▶ How to complete this task
Would you transcribe the listing that follows, character for character, and omit its images?

▶ Data under study

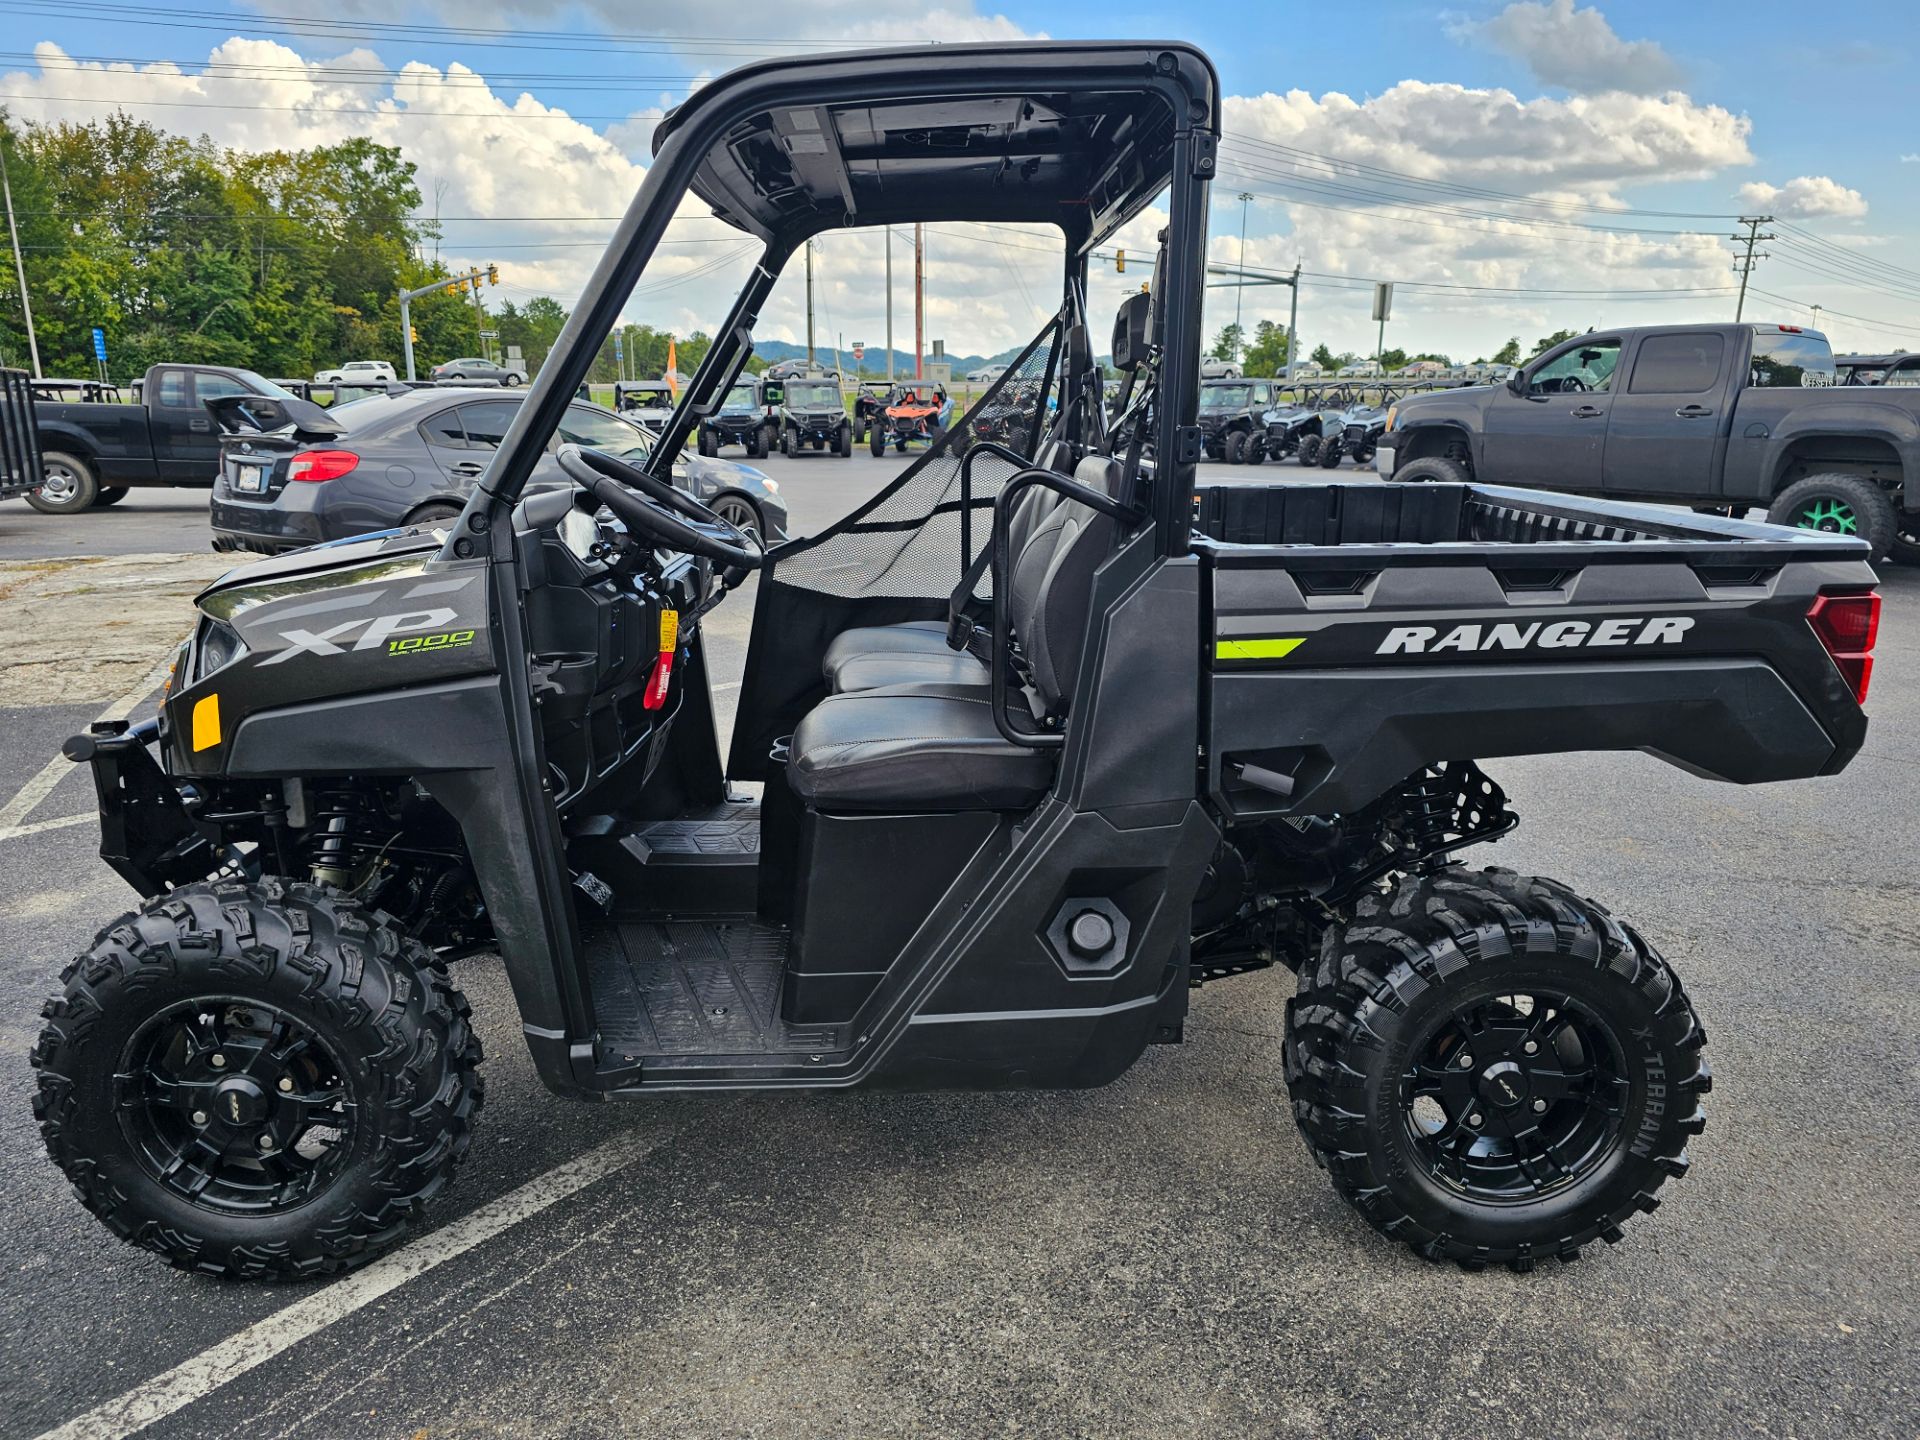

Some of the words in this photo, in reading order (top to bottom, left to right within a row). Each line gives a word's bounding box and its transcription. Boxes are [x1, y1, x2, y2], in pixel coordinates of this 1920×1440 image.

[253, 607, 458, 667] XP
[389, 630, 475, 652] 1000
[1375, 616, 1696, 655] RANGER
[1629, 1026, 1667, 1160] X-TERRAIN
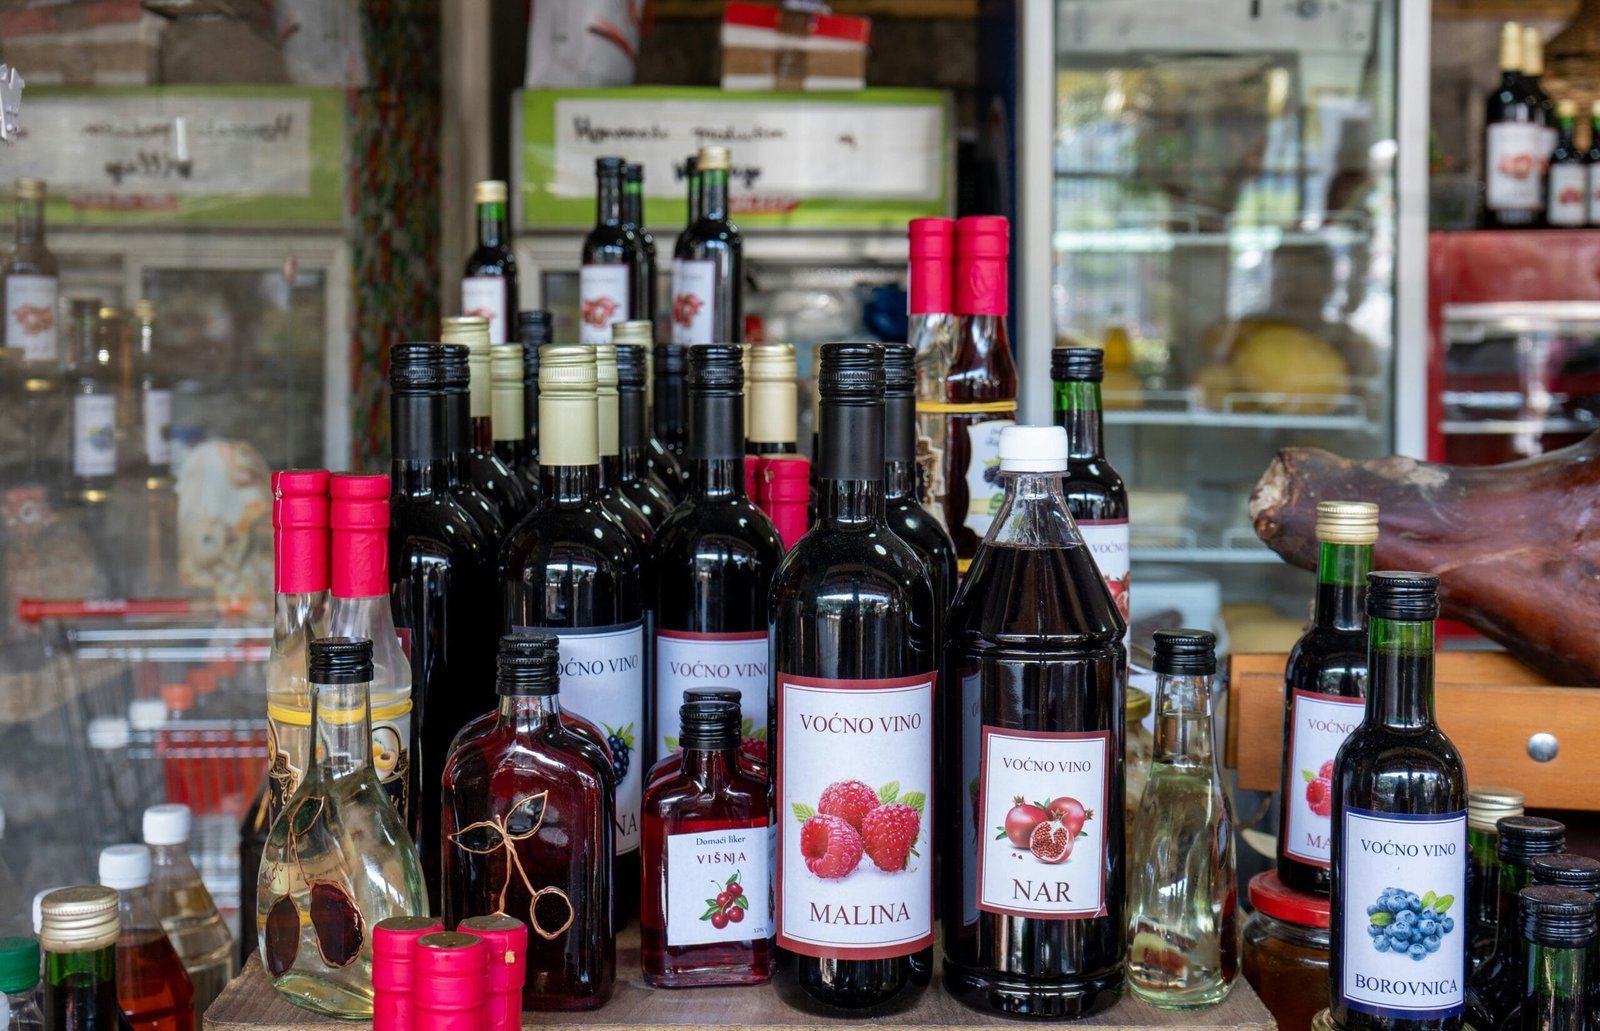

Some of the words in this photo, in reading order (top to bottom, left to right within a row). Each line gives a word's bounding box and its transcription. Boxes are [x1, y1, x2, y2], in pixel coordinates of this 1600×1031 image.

▶ Task output
Some of the words in this photo, in reading order (top to bottom, left to right within a row). Each line gives a word's bounding box and its transcription. Boxes are [x1, y1, x2, y2], in pixel coordinates of this 1920×1440 image.

[253, 607, 458, 667] XP
[389, 630, 475, 652] 1000
[1375, 616, 1696, 655] RANGER
[1629, 1026, 1667, 1160] X-TERRAIN

Some of the words in this photo, in reading order (top to bottom, left to right within a row). Each line gives a word's bounding box and its transcription. Boxes are [x1, y1, x2, y2], in pixel coordinates of this 1600×1031 image.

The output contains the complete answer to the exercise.